Un sector que tiende a concentrarse
Como ocurre en muchos sectores industriales maduros, la cerrajería ha vivido un proceso de concentración: grupos grandes adquieren fabricantes más pequeños y agrupan varias marcas bajo un mismo paraguas. Para el fabricante tiene lógica, porque permite compartir tecnología, redes de distribución y capacidad productiva. Para el comprador, la consecuencia práctica es que dos productos con nombres distintos pueden compartir diseño y planta de fabricación, y que el prestigio de una marca no siempre refleja la calidad real del producto concreto que se está comprando.
Por qué la marca no debería ser tu primer criterio
Fiarse únicamente del nombre comercial tiene riesgos. Una marca puede tener gamas muy distintas, desde productos básicos hasta soluciones de alta seguridad, y el reconocimiento de marca no garantiza que el modelo elegido sea el adecuado para tu puerta. Por eso el criterio más fiable es objetivo y verificable: la certificación y la categoría de seguridad. Estos sellos los otorgan laboratorios independientes según ensayos normalizados, con independencia de quién fabrique el producto.

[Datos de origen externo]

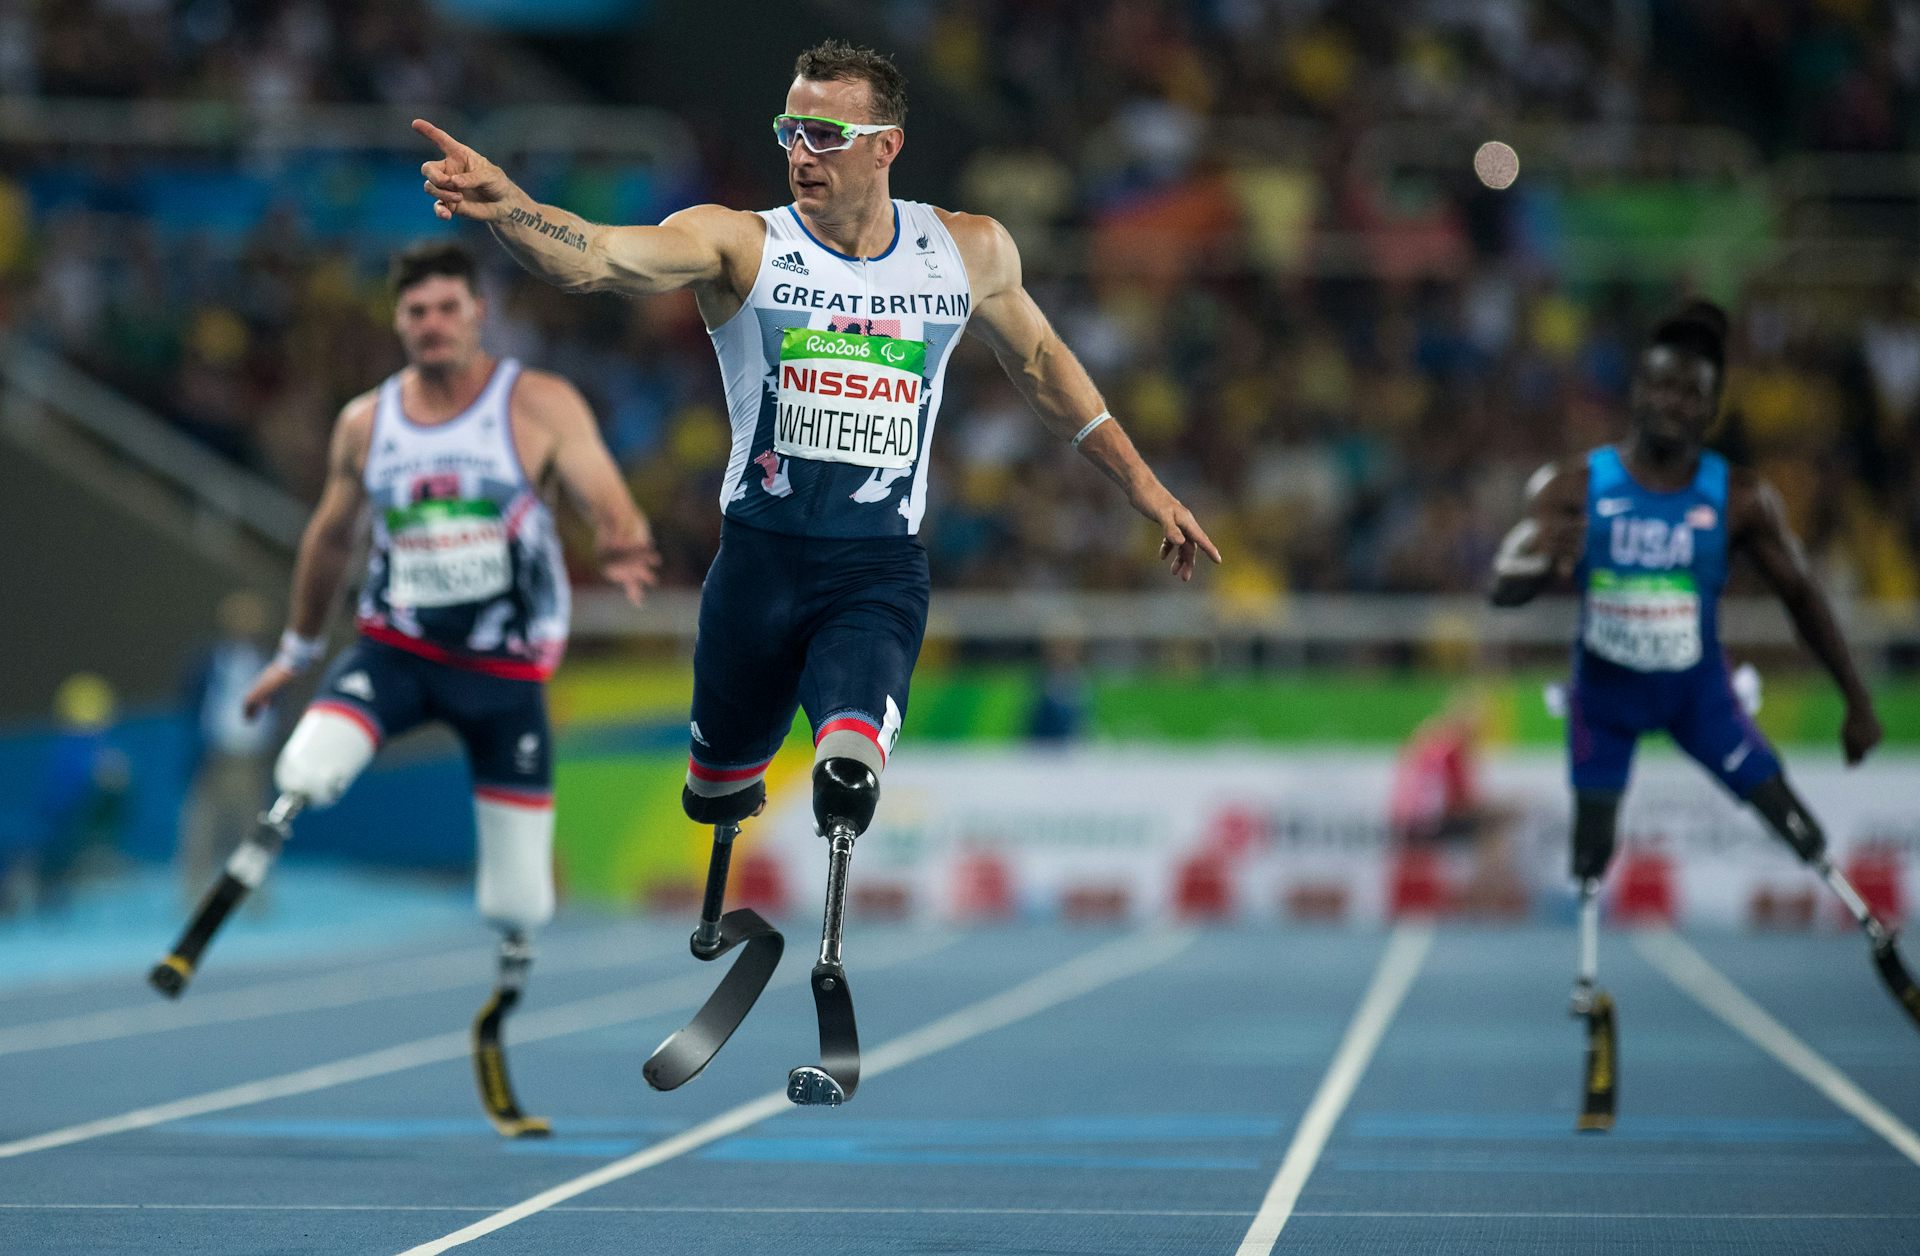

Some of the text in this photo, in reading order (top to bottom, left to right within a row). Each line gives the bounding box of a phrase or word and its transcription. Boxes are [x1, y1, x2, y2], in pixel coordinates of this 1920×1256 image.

[772, 260, 810, 276] adidas
[773, 283, 969, 318] GREAT BRITAIN
[806, 335, 871, 358] Rio2016
[783, 366, 917, 404] NISSAN
[778, 403, 913, 457] WHITEHEAD
[1611, 516, 1694, 568] USA

Elegir por certificación y categoría
En cilindros, la referencia europea es la norma EN 1303, que clasifica las cerraduras según criterios como durabilidad, resistencia al fuego, seguridad de la llave y resistencia al ataque. En conjuntos de puerta resistentes a la efracción, la referencia es la EN 1627, que define clases de resistencia de la RC1 a la RC6: cuanto mayor es el número, mayor es la resistencia ante intentos de intrusión con distintos niveles de herramientas y tiempo. Comprobar a qué grado o clase responde un producto dice mucho más que el nombre del fabricante.

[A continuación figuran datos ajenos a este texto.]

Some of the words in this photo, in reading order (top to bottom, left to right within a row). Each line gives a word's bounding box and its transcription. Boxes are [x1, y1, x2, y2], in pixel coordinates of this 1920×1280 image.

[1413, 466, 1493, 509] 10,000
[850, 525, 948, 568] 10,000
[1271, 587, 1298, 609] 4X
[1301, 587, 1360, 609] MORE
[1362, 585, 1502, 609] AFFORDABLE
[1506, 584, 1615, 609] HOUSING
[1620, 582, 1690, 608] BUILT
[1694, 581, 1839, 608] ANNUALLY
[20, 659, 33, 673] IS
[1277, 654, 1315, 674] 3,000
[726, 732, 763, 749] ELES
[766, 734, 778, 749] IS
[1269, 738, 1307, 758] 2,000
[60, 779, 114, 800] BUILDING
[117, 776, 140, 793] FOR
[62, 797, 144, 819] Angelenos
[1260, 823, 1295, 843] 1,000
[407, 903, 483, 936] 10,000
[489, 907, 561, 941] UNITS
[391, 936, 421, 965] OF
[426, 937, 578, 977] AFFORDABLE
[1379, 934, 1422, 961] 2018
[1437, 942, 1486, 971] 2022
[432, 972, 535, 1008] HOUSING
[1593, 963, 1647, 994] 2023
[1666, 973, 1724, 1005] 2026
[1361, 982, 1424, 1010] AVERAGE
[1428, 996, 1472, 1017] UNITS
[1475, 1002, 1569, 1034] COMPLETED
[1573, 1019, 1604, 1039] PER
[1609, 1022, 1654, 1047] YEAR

Conviene también fijarse en las protecciones específicas que incorpora el mecanismo, descritas en términos genéricos: protección antibumping (frente a la técnica de apertura por percusión), antisnap o antifractura (frente a la rotura del cilindro), antitaladro y antiganzúa. Estas características son las que determinan el comportamiento real ante un intento de apertura forzada.
Cómo comprar con criterio
A la hora de decidir, ayuda seguir un orden sencillo. Primero, definir qué nivel de seguridad necesita la puerta según su uso y su exposición. Segundo, buscar productos que acrediten la certificación y la categoría adecuadas a esa necesidad, en lugar de partir de una marca concreta. Tercero, comparar productos de categoría equivalente entre distintos fabricantes, porque a igualdad de certificación las diferencias de precio responden a acabados, garantía o servicio, no necesariamente a más protección. Y cuarto, contar con un profesional acreditado para la instalación, ya que una buena cerradura mal montada pierde gran parte de su eficacia.
Conclusión
La concentración del sector y la abundancia de marcas hacen que el nombre comercial sea una guía poco fiable. El comprador informado se apoya en datos objetivos: normas como la EN 1303 y la EN 1627, la clase de resistencia RC1-RC6 y las protecciones del mecanismo. Comprar por certificación y categoría, y no solo por marca, es la forma más segura de invertir bien en la protección de un hogar o un negocio.